WHAT YOU HAVE TO DO → A faithful copy of every record is needed here. Images must not appear in it.

AVAILABLE DATA START

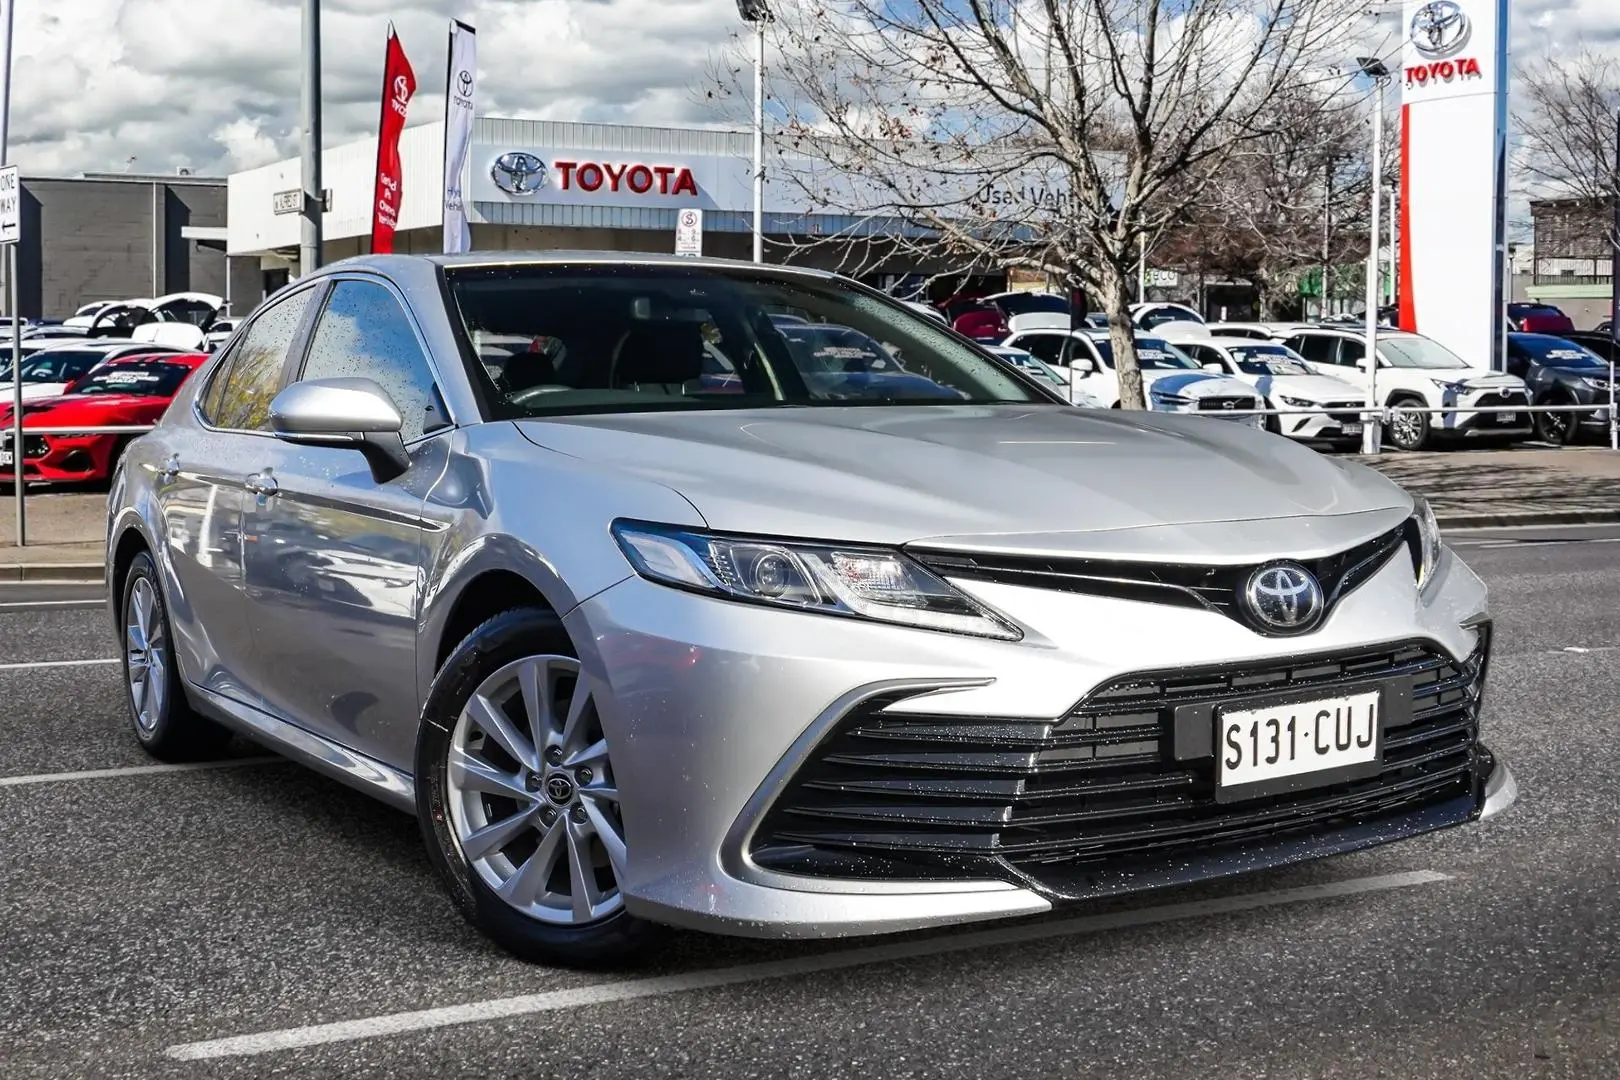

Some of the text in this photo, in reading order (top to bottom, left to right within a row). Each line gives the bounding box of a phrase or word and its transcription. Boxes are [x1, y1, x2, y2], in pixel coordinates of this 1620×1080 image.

[1404, 58, 1481, 83] TOYOTA
[1, 173, 16, 191] ONE
[555, 161, 698, 196] TOYOTA
[0, 196, 17, 214] WAY
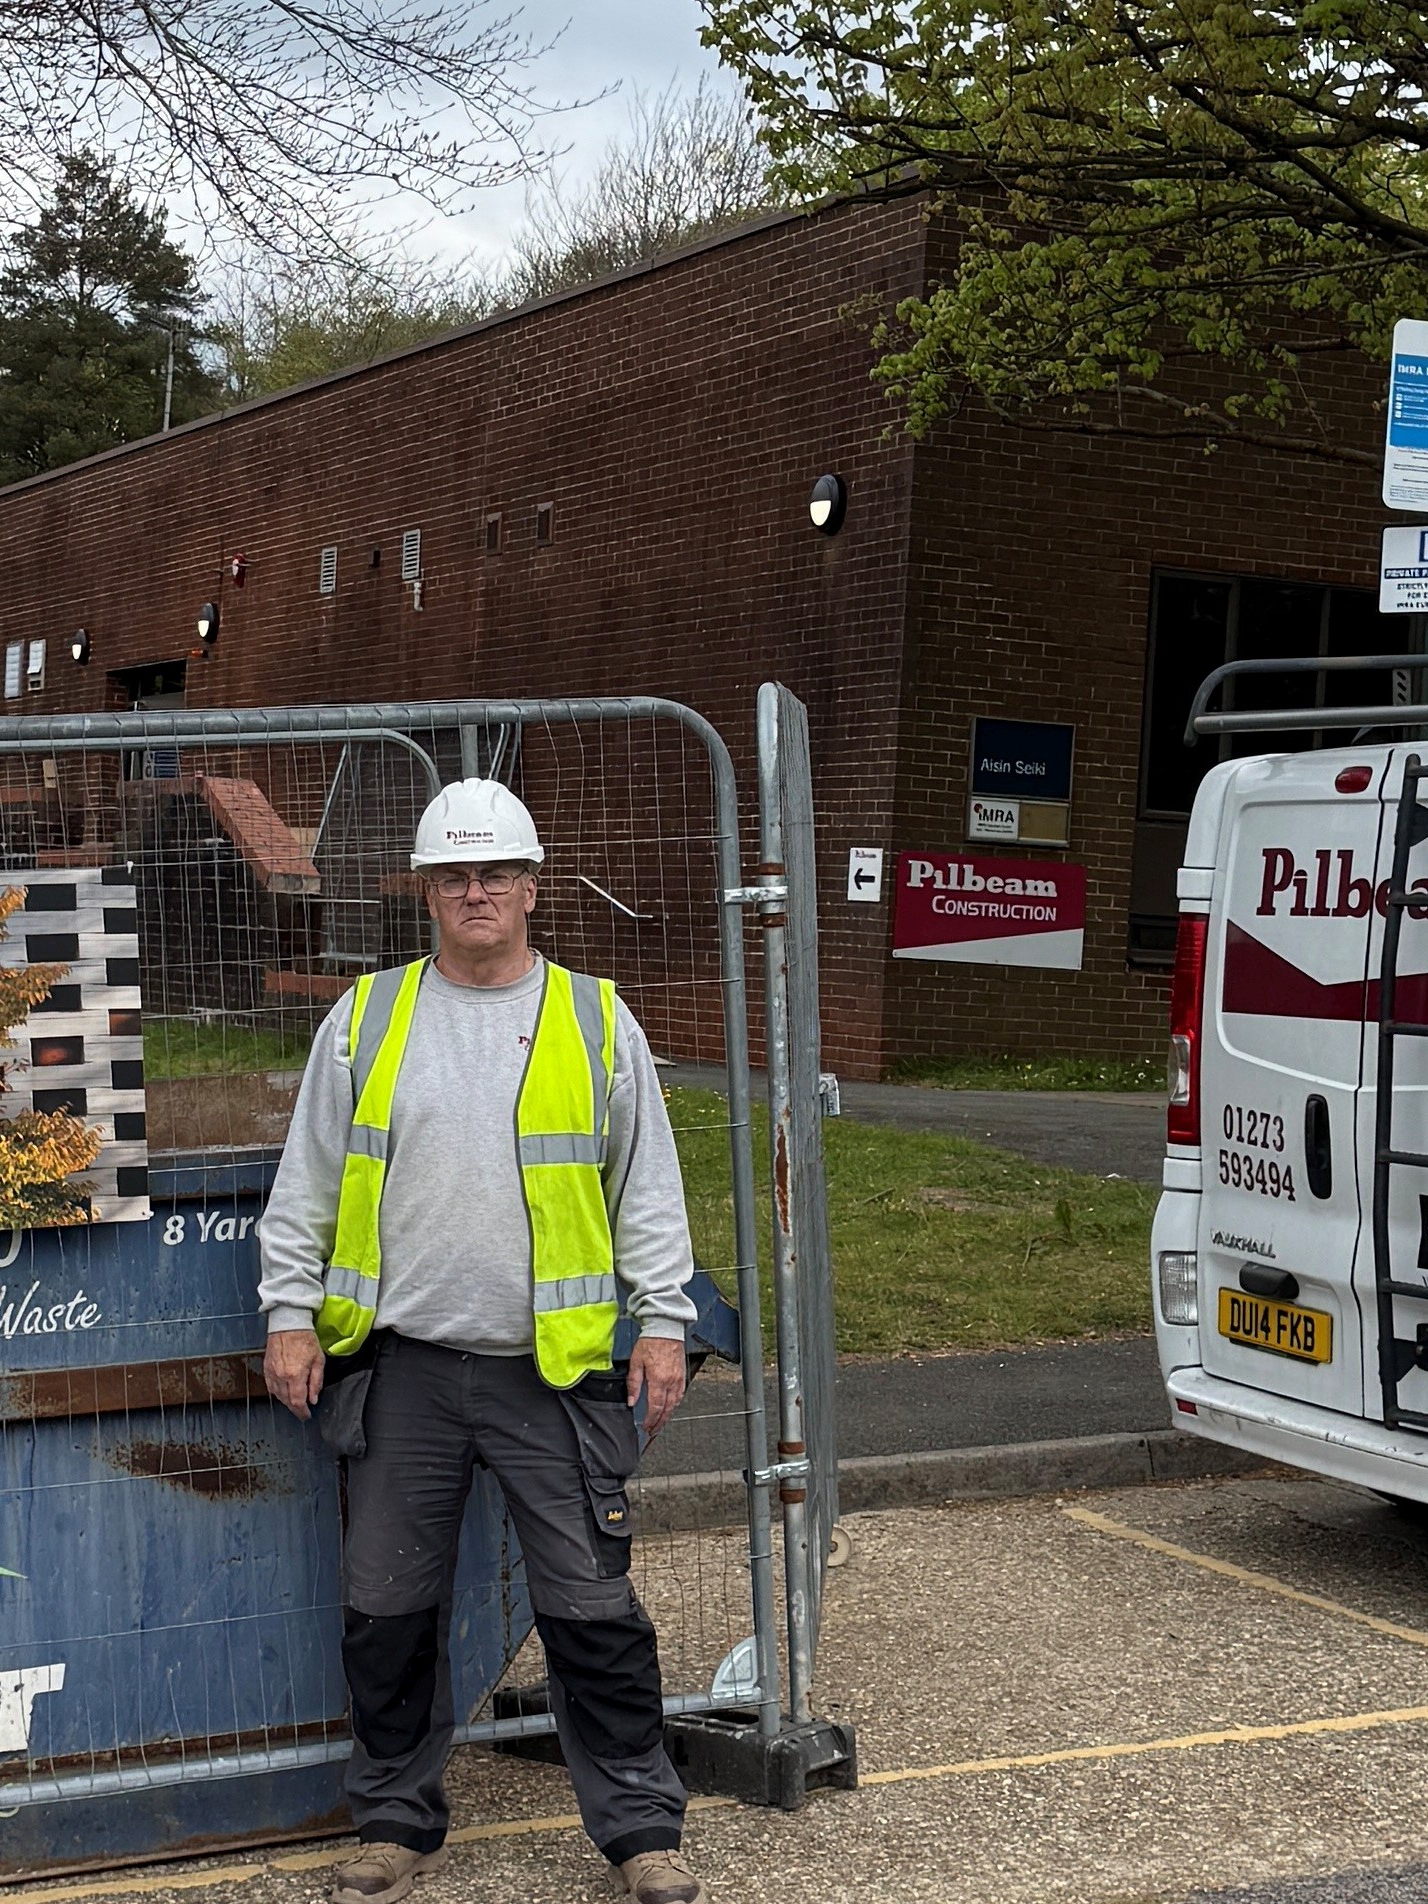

AVAILABLE DATA END

YOUR SOLUTION →
Some of the text in this photo, in reading order (top to bottom, left to right within a row). Each line gives the bounding box of a phrase or word and its transcription. Boxes are [x1, y1, x2, y2], in pixel coordinates of this 1620×1080 image.

[1404, 58, 1481, 83] TOYOTA
[1, 173, 16, 191] ONE
[555, 161, 698, 196] TOYOTA
[0, 196, 17, 214] WAY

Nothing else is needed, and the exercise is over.